[EXERCISE PROMPT] All of the data beneath this instruction is to be transcribed word for word.

[Start of Attachment]

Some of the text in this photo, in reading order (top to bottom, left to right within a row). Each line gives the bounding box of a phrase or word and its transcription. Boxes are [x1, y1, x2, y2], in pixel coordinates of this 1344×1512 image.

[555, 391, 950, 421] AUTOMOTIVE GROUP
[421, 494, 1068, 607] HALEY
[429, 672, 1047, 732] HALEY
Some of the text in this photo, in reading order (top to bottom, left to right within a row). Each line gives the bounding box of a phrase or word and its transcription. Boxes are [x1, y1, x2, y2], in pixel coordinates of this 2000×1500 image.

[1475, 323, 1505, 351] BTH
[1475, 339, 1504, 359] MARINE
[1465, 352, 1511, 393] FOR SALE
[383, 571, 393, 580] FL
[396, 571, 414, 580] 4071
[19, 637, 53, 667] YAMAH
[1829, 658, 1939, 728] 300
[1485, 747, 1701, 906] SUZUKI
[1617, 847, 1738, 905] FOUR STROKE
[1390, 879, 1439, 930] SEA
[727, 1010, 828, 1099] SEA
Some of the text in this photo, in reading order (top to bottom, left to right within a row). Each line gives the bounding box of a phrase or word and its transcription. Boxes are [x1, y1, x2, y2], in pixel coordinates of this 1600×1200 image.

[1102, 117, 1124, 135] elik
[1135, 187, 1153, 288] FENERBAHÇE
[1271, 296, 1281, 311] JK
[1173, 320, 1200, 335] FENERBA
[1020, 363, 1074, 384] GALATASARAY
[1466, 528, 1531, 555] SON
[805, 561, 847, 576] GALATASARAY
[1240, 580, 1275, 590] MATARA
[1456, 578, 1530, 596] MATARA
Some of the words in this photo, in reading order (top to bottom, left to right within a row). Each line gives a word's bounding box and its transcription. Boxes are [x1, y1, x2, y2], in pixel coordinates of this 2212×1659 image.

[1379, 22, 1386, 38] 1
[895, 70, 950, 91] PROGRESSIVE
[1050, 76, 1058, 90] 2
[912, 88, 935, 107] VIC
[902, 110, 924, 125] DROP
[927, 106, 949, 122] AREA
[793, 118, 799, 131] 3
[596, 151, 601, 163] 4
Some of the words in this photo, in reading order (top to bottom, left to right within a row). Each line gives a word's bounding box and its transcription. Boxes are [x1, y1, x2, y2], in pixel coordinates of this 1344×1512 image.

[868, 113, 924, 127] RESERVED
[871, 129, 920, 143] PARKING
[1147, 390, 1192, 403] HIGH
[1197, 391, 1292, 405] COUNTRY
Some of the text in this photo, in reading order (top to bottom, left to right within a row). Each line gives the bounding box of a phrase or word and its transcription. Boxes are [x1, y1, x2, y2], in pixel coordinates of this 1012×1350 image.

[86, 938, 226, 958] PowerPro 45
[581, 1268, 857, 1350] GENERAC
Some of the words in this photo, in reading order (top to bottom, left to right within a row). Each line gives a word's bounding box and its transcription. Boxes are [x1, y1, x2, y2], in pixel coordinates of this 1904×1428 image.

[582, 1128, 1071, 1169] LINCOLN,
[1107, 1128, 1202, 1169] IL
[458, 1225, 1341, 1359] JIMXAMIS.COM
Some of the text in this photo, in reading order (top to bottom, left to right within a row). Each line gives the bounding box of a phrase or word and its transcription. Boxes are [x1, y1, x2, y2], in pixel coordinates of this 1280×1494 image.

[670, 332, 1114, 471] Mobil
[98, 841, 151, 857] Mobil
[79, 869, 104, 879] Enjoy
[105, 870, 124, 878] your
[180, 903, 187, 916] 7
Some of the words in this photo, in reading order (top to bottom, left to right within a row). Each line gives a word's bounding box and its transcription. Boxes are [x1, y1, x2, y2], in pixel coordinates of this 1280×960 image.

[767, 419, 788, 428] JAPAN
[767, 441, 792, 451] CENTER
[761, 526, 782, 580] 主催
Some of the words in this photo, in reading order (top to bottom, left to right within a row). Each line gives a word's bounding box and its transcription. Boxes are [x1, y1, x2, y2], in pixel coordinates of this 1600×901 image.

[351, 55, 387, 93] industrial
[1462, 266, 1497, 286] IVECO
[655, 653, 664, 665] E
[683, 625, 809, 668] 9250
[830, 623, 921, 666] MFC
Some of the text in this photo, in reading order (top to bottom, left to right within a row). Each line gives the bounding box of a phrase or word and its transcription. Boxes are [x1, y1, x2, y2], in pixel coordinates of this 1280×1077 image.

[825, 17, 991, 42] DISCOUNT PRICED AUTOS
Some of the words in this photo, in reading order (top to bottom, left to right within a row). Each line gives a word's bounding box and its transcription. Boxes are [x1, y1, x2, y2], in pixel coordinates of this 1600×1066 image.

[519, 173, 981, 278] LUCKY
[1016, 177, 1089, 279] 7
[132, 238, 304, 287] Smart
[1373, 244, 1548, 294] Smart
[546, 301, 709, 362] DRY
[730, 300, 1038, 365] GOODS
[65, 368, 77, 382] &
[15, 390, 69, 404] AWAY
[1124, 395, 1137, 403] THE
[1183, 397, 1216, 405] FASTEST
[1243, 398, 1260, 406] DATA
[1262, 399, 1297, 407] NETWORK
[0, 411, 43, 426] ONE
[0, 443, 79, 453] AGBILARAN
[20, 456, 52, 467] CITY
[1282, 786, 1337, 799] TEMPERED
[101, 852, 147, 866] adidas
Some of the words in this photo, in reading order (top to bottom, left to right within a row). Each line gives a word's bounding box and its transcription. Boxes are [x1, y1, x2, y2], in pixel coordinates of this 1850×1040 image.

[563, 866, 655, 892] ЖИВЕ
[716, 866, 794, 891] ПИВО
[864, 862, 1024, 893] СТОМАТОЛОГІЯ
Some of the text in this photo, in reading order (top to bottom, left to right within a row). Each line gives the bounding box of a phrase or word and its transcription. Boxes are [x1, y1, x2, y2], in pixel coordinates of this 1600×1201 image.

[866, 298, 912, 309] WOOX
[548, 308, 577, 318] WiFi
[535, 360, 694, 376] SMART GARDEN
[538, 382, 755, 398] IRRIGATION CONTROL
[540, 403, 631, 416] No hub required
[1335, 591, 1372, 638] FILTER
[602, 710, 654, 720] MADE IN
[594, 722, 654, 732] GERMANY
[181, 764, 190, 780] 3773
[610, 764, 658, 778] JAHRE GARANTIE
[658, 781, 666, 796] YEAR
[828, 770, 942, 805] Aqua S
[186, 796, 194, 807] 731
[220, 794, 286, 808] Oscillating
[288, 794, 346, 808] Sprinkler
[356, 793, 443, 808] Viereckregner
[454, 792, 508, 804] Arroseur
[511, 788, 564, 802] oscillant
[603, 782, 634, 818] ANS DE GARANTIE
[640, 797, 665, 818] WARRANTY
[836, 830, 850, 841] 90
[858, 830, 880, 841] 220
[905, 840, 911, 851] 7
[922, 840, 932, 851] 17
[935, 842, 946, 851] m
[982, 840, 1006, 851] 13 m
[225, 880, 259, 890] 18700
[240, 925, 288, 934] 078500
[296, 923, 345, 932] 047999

[End of Attachment]

[EXERCISE OUTPUT]
Some of the text in this photo, in reading order (top to bottom, left to right within a row). Each line gives the bounding box of a phrase or word and its transcription. Boxes are [x1, y1, x2, y2], in pixel coordinates of this 1344×1512 image.

[555, 391, 950, 421] AUTOMOTIVE GROUP
[421, 494, 1068, 607] HALEY
[429, 672, 1047, 732] HALEY
Some of the text in this photo, in reading order (top to bottom, left to right within a row). Each line gives the bounding box of a phrase or word and its transcription. Boxes are [x1, y1, x2, y2], in pixel coordinates of this 2000×1500 image.

[1475, 323, 1505, 351] BTH
[1475, 339, 1504, 359] MARINE
[1465, 352, 1511, 393] FOR SALE
[383, 571, 393, 580] FL
[396, 571, 414, 580] 4071
[19, 637, 53, 667] YAMAH
[1829, 658, 1939, 728] 300
[1485, 747, 1701, 906] SUZUKI
[1617, 847, 1738, 905] FOUR STROKE
[1390, 879, 1439, 930] SEA
[727, 1010, 828, 1099] SEA
Some of the text in this photo, in reading order (top to bottom, left to right within a row). Each line gives the bounding box of a phrase or word and its transcription. Boxes are [x1, y1, x2, y2], in pixel coordinates of this 1600×1200 image.

[1102, 117, 1124, 135] elik
[1135, 187, 1153, 288] FENERBAHÇE
[1271, 296, 1281, 311] JK
[1173, 320, 1200, 335] FENERBA
[1020, 363, 1074, 384] GALATASARAY
[1466, 528, 1531, 555] SON
[805, 561, 847, 576] GALATASARAY
[1240, 580, 1275, 590] MATARA
[1456, 578, 1530, 596] MATARA
Some of the words in this photo, in reading order (top to bottom, left to right within a row). Each line gives a word's bounding box and its transcription. Boxes are [x1, y1, x2, y2], in pixel coordinates of this 2212×1659 image.

[1379, 22, 1386, 38] 1
[895, 70, 950, 91] PROGRESSIVE
[1050, 76, 1058, 90] 2
[912, 88, 935, 107] VIC
[902, 110, 924, 125] DROP
[927, 106, 949, 122] AREA
[793, 118, 799, 131] 3
[596, 151, 601, 163] 4
Some of the words in this photo, in reading order (top to bottom, left to right within a row). Each line gives a word's bounding box and its transcription. Boxes are [x1, y1, x2, y2], in pixel coordinates of this 1344×1512 image.

[868, 113, 924, 127] RESERVED
[871, 129, 920, 143] PARKING
[1147, 390, 1192, 403] HIGH
[1197, 391, 1292, 405] COUNTRY
Some of the text in this photo, in reading order (top to bottom, left to right within a row). Each line gives the bounding box of a phrase or word and its transcription. Boxes are [x1, y1, x2, y2], in pixel coordinates of this 1012×1350 image.

[86, 938, 226, 958] PowerPro 45
[581, 1268, 857, 1350] GENERAC
Some of the words in this photo, in reading order (top to bottom, left to right within a row). Each line gives a word's bounding box and its transcription. Boxes are [x1, y1, x2, y2], in pixel coordinates of this 1904×1428 image.

[582, 1128, 1071, 1169] LINCOLN,
[1107, 1128, 1202, 1169] IL
[458, 1225, 1341, 1359] JIMXAMIS.COM
Some of the text in this photo, in reading order (top to bottom, left to right within a row). Each line gives the bounding box of a phrase or word and its transcription. Boxes are [x1, y1, x2, y2], in pixel coordinates of this 1280×1494 image.

[670, 332, 1114, 471] Mobil
[98, 841, 151, 857] Mobil
[79, 869, 104, 879] Enjoy
[105, 870, 124, 878] your
[180, 903, 187, 916] 7
Some of the words in this photo, in reading order (top to bottom, left to right within a row). Each line gives a word's bounding box and its transcription. Boxes are [x1, y1, x2, y2], in pixel coordinates of this 1280×960 image.

[767, 419, 788, 428] JAPAN
[767, 441, 792, 451] CENTER
[761, 526, 782, 580] 主催
Some of the words in this photo, in reading order (top to bottom, left to right within a row). Each line gives a word's bounding box and its transcription. Boxes are [x1, y1, x2, y2], in pixel coordinates of this 1600×901 image.

[351, 55, 387, 93] industrial
[1462, 266, 1497, 286] IVECO
[655, 653, 664, 665] E
[683, 625, 809, 668] 9250
[830, 623, 921, 666] MFC
Some of the text in this photo, in reading order (top to bottom, left to right within a row). Each line gives the bounding box of a phrase or word and its transcription. Boxes are [x1, y1, x2, y2], in pixel coordinates of this 1280×1077 image.

[825, 17, 991, 42] DISCOUNT PRICED AUTOS
Some of the words in this photo, in reading order (top to bottom, left to right within a row). Each line gives a word's bounding box and its transcription. Boxes are [x1, y1, x2, y2], in pixel coordinates of this 1600×1066 image.

[519, 173, 981, 278] LUCKY
[1016, 177, 1089, 279] 7
[132, 238, 304, 287] Smart
[1373, 244, 1548, 294] Smart
[546, 301, 709, 362] DRY
[730, 300, 1038, 365] GOODS
[65, 368, 77, 382] &
[15, 390, 69, 404] AWAY
[1124, 395, 1137, 403] THE
[1183, 397, 1216, 405] FASTEST
[1243, 398, 1260, 406] DATA
[1262, 399, 1297, 407] NETWORK
[0, 411, 43, 426] ONE
[0, 443, 79, 453] AGBILARAN
[20, 456, 52, 467] CITY
[1282, 786, 1337, 799] TEMPERED
[101, 852, 147, 866] adidas
Some of the words in this photo, in reading order (top to bottom, left to right within a row). Each line gives a word's bounding box and its transcription. Boxes are [x1, y1, x2, y2], in pixel coordinates of this 1850×1040 image.

[563, 866, 655, 892] ЖИВЕ
[716, 866, 794, 891] ПИВО
[864, 862, 1024, 893] СТОМАТОЛОГІЯ
Some of the text in this photo, in reading order (top to bottom, left to right within a row). Each line gives the bounding box of a phrase or word and its transcription. Boxes are [x1, y1, x2, y2], in pixel coordinates of this 1600×1201 image.

[866, 298, 912, 309] WOOX
[548, 308, 577, 318] WiFi
[535, 360, 694, 376] SMART GARDEN
[538, 382, 755, 398] IRRIGATION CONTROL
[540, 403, 631, 416] No hub required
[1335, 591, 1372, 638] FILTER
[602, 710, 654, 720] MADE IN
[594, 722, 654, 732] GERMANY
[181, 764, 190, 780] 3773
[610, 764, 658, 778] JAHRE GARANTIE
[658, 781, 666, 796] YEAR
[828, 770, 942, 805] Aqua S
[186, 796, 194, 807] 731
[220, 794, 286, 808] Oscillating
[288, 794, 346, 808] Sprinkler
[356, 793, 443, 808] Viereckregner
[454, 792, 508, 804] Arroseur
[511, 788, 564, 802] oscillant
[603, 782, 634, 818] ANS DE GARANTIE
[640, 797, 665, 818] WARRANTY
[836, 830, 850, 841] 90
[858, 830, 880, 841] 220
[905, 840, 911, 851] 7
[922, 840, 932, 851] 17
[935, 842, 946, 851] m
[982, 840, 1006, 851] 13 m
[225, 880, 259, 890] 18700
[240, 925, 288, 934] 078500
[296, 923, 345, 932] 047999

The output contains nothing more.